My wife and I are resigned to the likelihood that episodes like this will become more common as we get older.  But we have to stay active and positive and get on with life whilst we can.   

Finally, you may have noticed from my previous posts that I am far from impressed with the NHS as a whole.  It is failing.  It is inefficient and services are not integrated.  My local GP surgery is a joke.  I remain to be convinced that there any doctors in it.  However, I would like to record that I am nevertheless grateful to the dedicated staff in The Royal Oldham Hospital A & E Department who were switched on, professional and pleasant despite being under enormous pressure!

Author: Paul

I am a retired, married bloke, dad and grandad - growing old with attitude.
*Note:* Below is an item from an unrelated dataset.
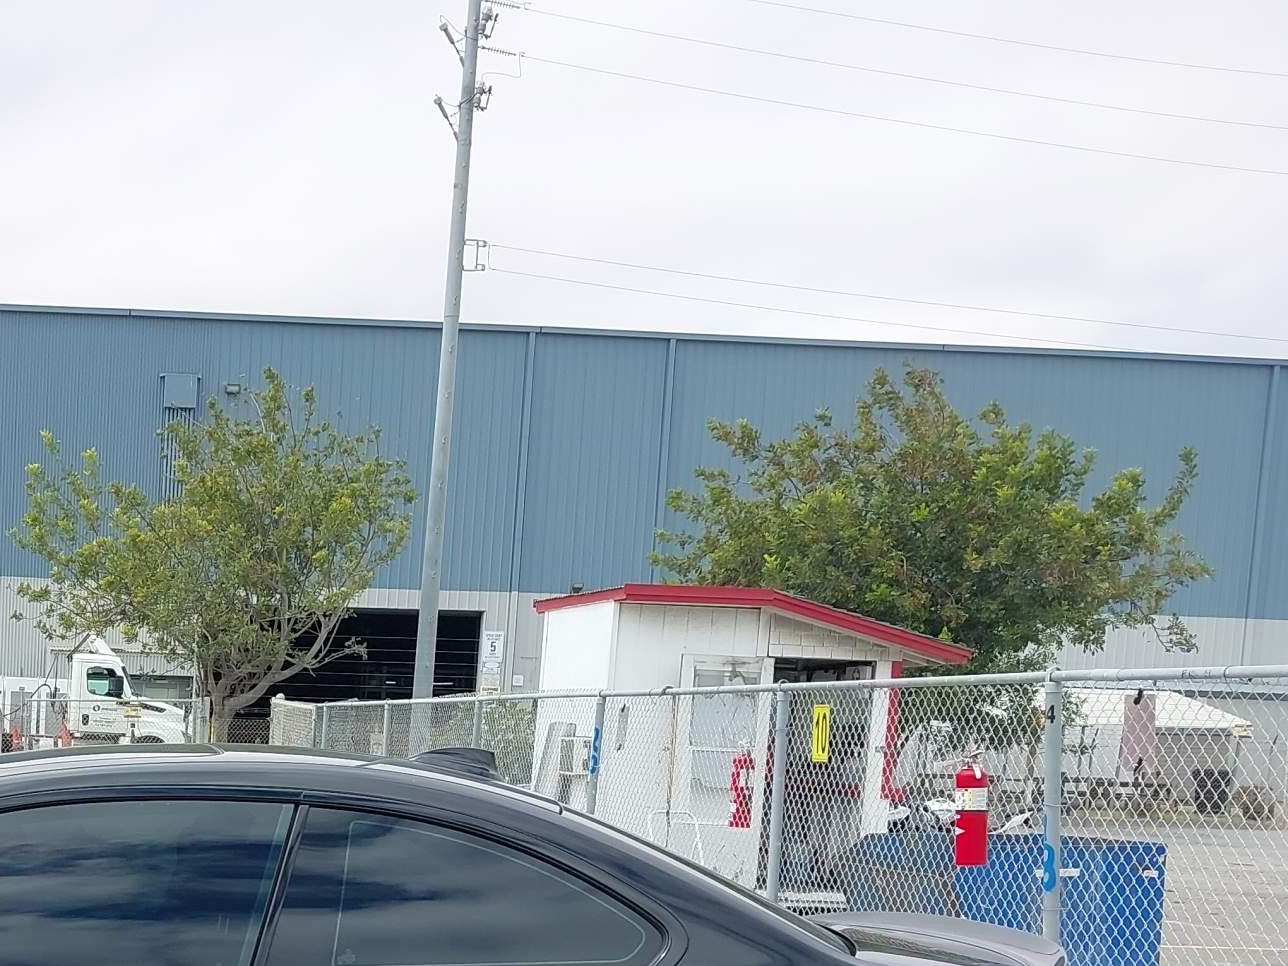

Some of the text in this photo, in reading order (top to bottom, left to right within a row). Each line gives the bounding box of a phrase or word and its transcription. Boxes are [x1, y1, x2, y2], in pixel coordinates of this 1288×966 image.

5 thoughts on “My evening in A & E”

  1. Glad to hear that there is nothing seriously wrong with you, and hopefully the medication will keep you pain-free and well. Those staff that you compliment are typical of the NHS, and you will find them wherever you go. The NHS isn’t failing, in my view, but is suffering from a long term chronic lack of funding. It was like that in 1993 when I began working for it and has got worse since then, whatever the colour of the government. It doesn’t help that the current bunch want to sell it off to their rich mates.

    Liked by 2 people

  2. That was so funny to read, glad your heart is fine, but don’t ignore the chest pains. My late husband was being treated / monitored for Barrett’s oesophagus and had regular endoscopies- not often enough? Chest pains and persistent cough turned out to be cancer of the oesophagus, but don’t panic as he was in the unlucky minority.

    Liked by 1 person

  3. Good news about your health. ERs are never quite what you think they’re going to be. Nice that your taxi driver cared about you. I like his parting comment to you.